__What to work on__. Go through the records and give each one again exactly, omitting the images.

(Beginning of Input data)

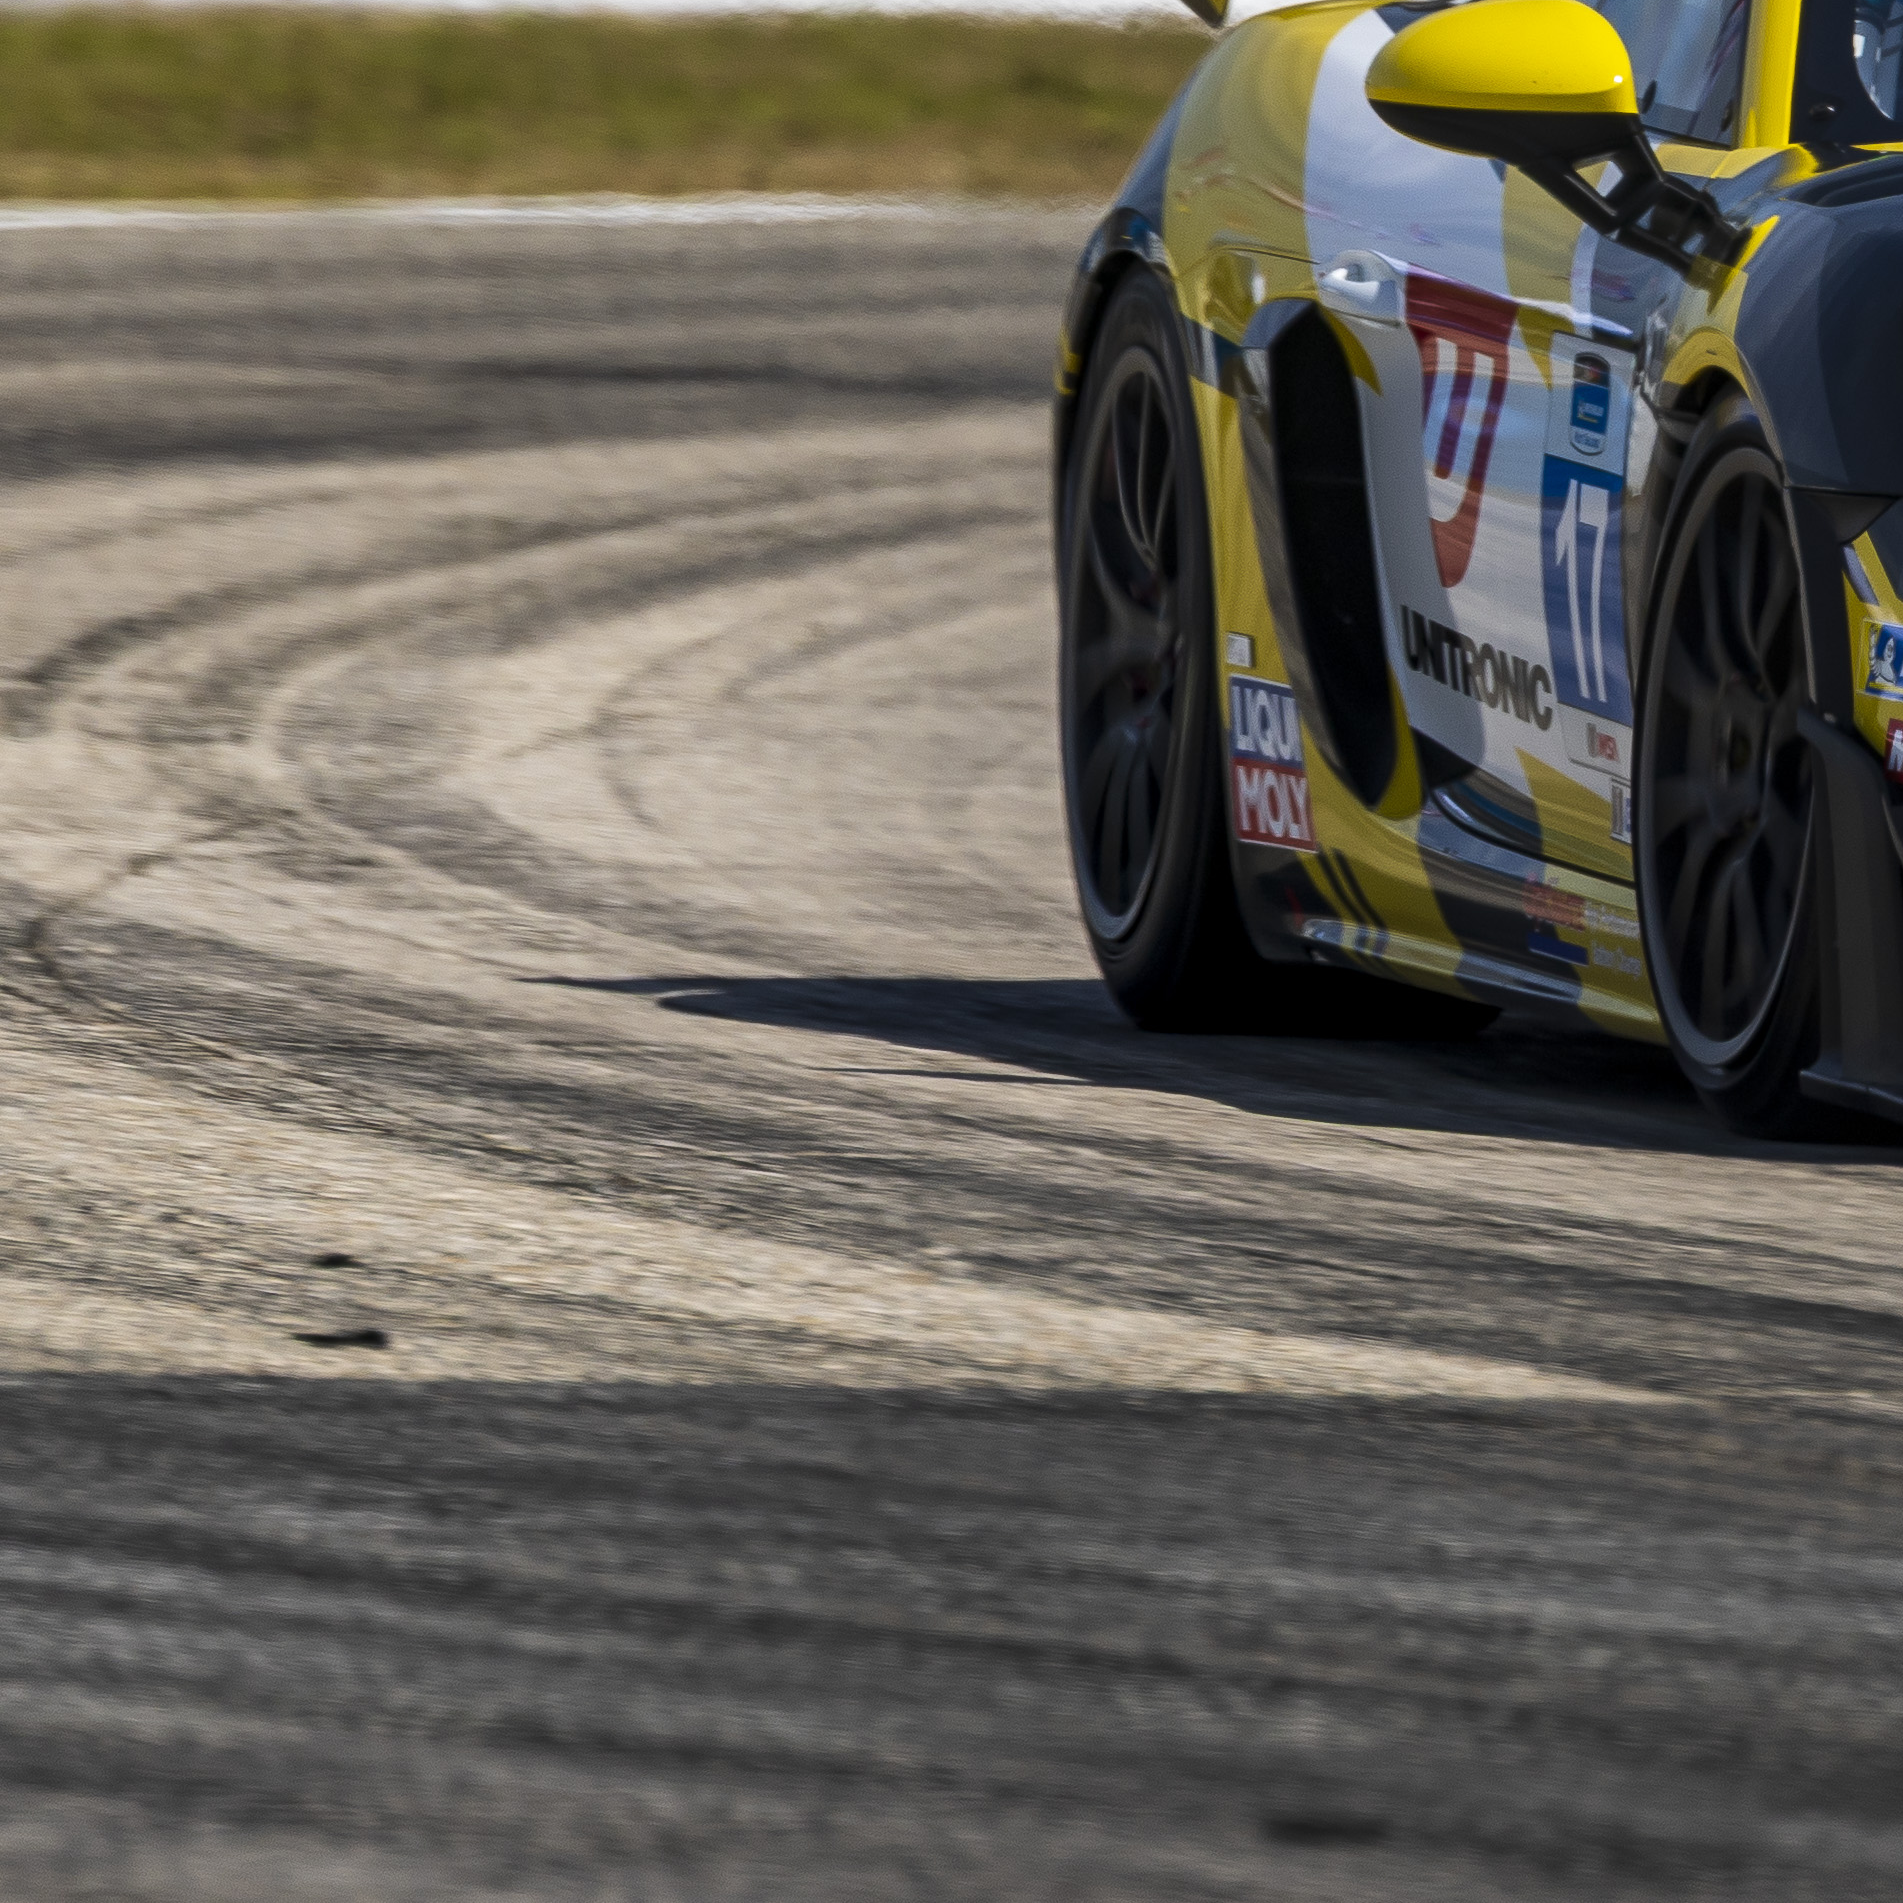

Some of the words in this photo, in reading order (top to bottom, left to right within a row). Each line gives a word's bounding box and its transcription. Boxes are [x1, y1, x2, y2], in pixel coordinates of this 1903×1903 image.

[1555, 478, 1610, 703] 17
[1401, 603, 1553, 732] UNITRONIC
[1231, 684, 1304, 764] LIQUI
[1236, 764, 1314, 842] MOLY

(End of Input data)

__Task response__.
Some of the words in this photo, in reading order (top to bottom, left to right within a row). Each line gives a word's bounding box and its transcription. Boxes are [x1, y1, x2, y2], in pixel coordinates of this 1903×1903 image.

[1555, 478, 1610, 703] 17
[1401, 603, 1553, 732] UNITRONIC
[1231, 684, 1304, 764] LIQUI
[1236, 764, 1314, 842] MOLY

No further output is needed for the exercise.